··· RECORDS SUPPLIED

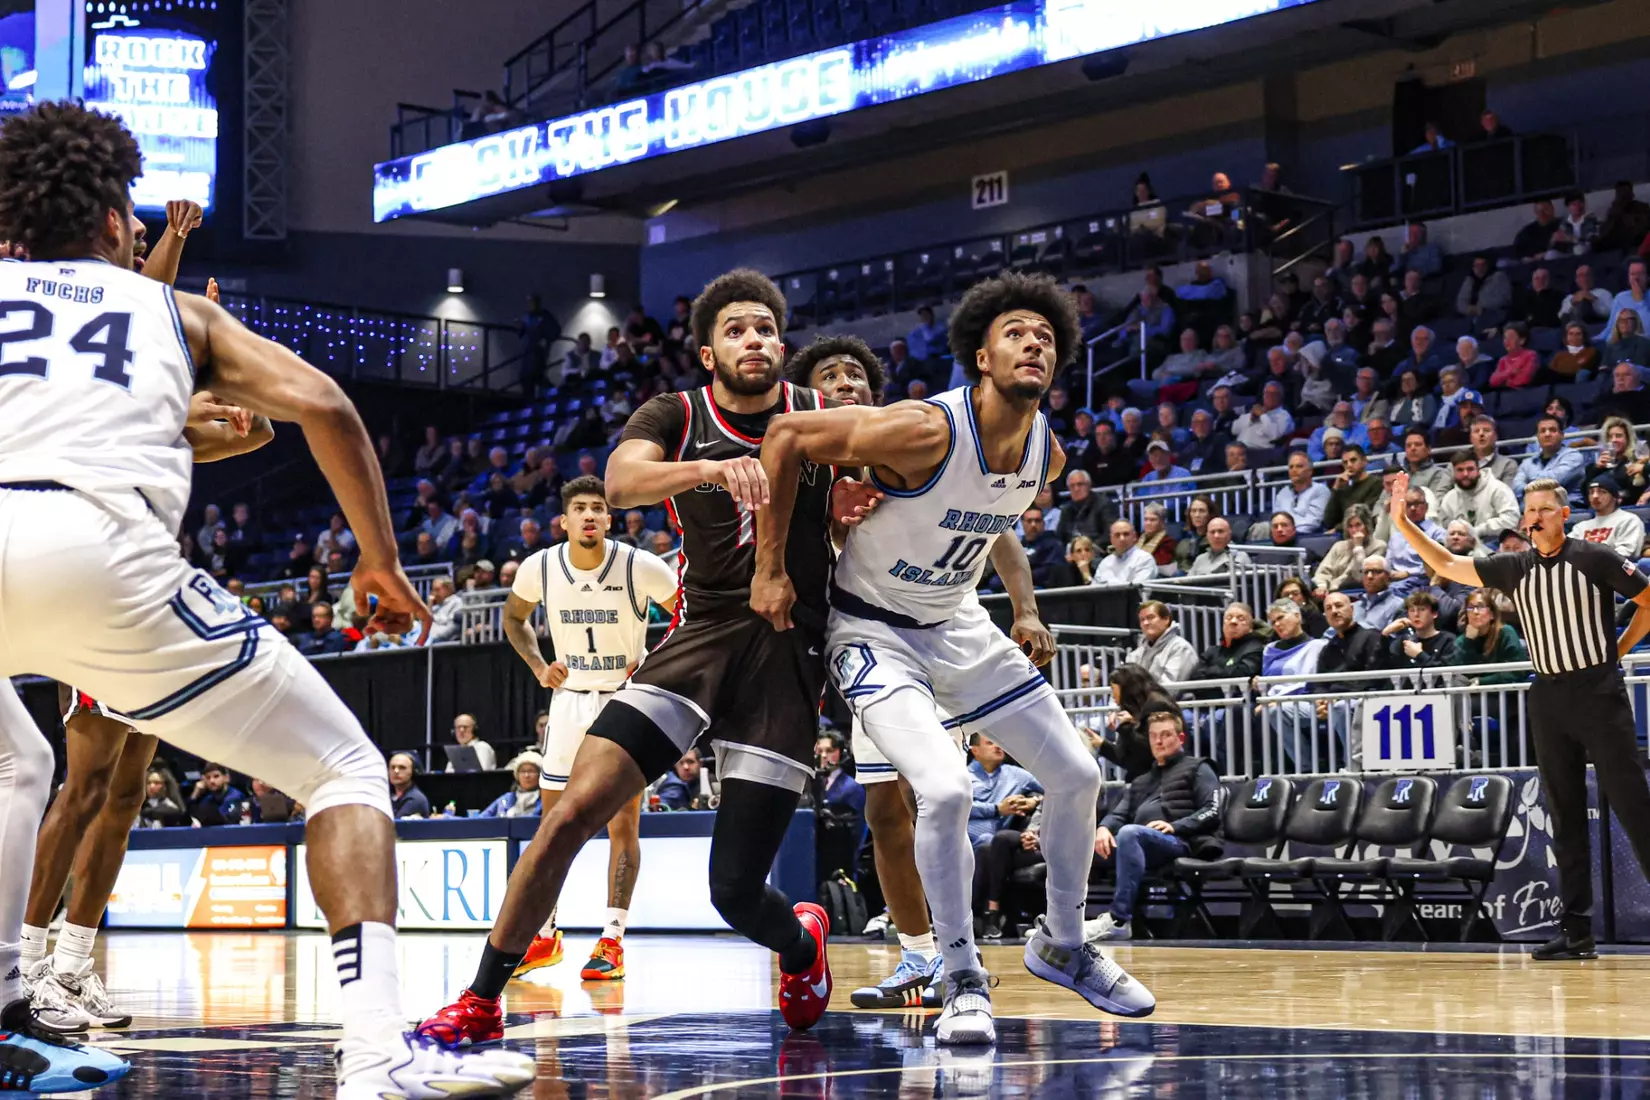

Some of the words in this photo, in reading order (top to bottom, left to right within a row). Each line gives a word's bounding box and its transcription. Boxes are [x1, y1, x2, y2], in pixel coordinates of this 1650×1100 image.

[411, 122, 539, 210] CK
[664, 49, 850, 149] HOUSE
[975, 175, 1003, 205] 211
[26, 277, 104, 304] FUCHS
[0, 299, 136, 393] 24
[932, 534, 988, 571] 10
[559, 609, 619, 624] RHODE
[585, 626, 597, 654] 1
[565, 654, 627, 671] ISLAND
[1372, 703, 1435, 760] 111
[1477, 894, 1506, 920] of
[1513, 880, 1565, 926] Fre
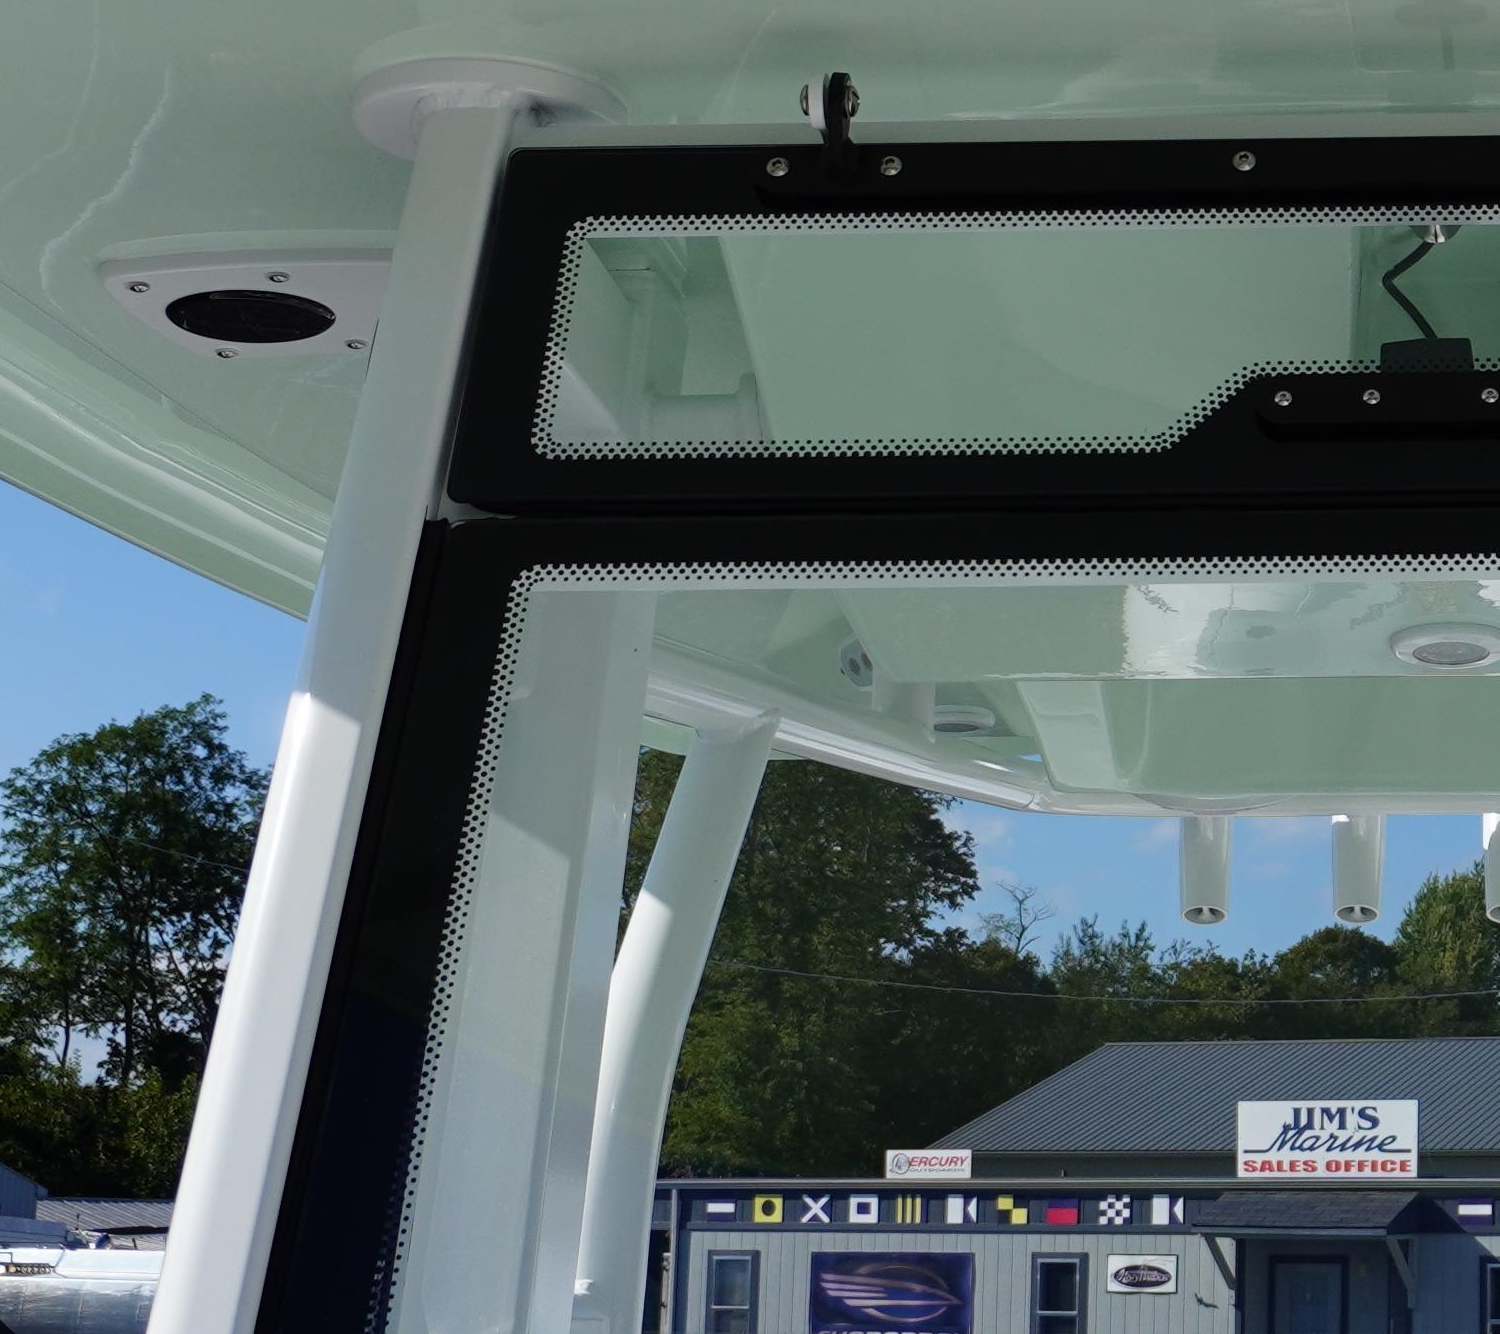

······

= TASK STATEMENT =
Please repeat every record above exactly, but leave out the pictures.

= ANSWER AREA =
Some of the words in this photo, in reading order (top to bottom, left to right within a row). Each line gives a word's bounding box and its transcription. Boxes are [x1, y1, x2, y2], in pixel coordinates of this 1650×1100 image.

[411, 122, 539, 210] CK
[664, 49, 850, 149] HOUSE
[975, 175, 1003, 205] 211
[26, 277, 104, 304] FUCHS
[0, 299, 136, 393] 24
[932, 534, 988, 571] 10
[559, 609, 619, 624] RHODE
[585, 626, 597, 654] 1
[565, 654, 627, 671] ISLAND
[1372, 703, 1435, 760] 111
[1477, 894, 1506, 920] of
[1513, 880, 1565, 926] Fre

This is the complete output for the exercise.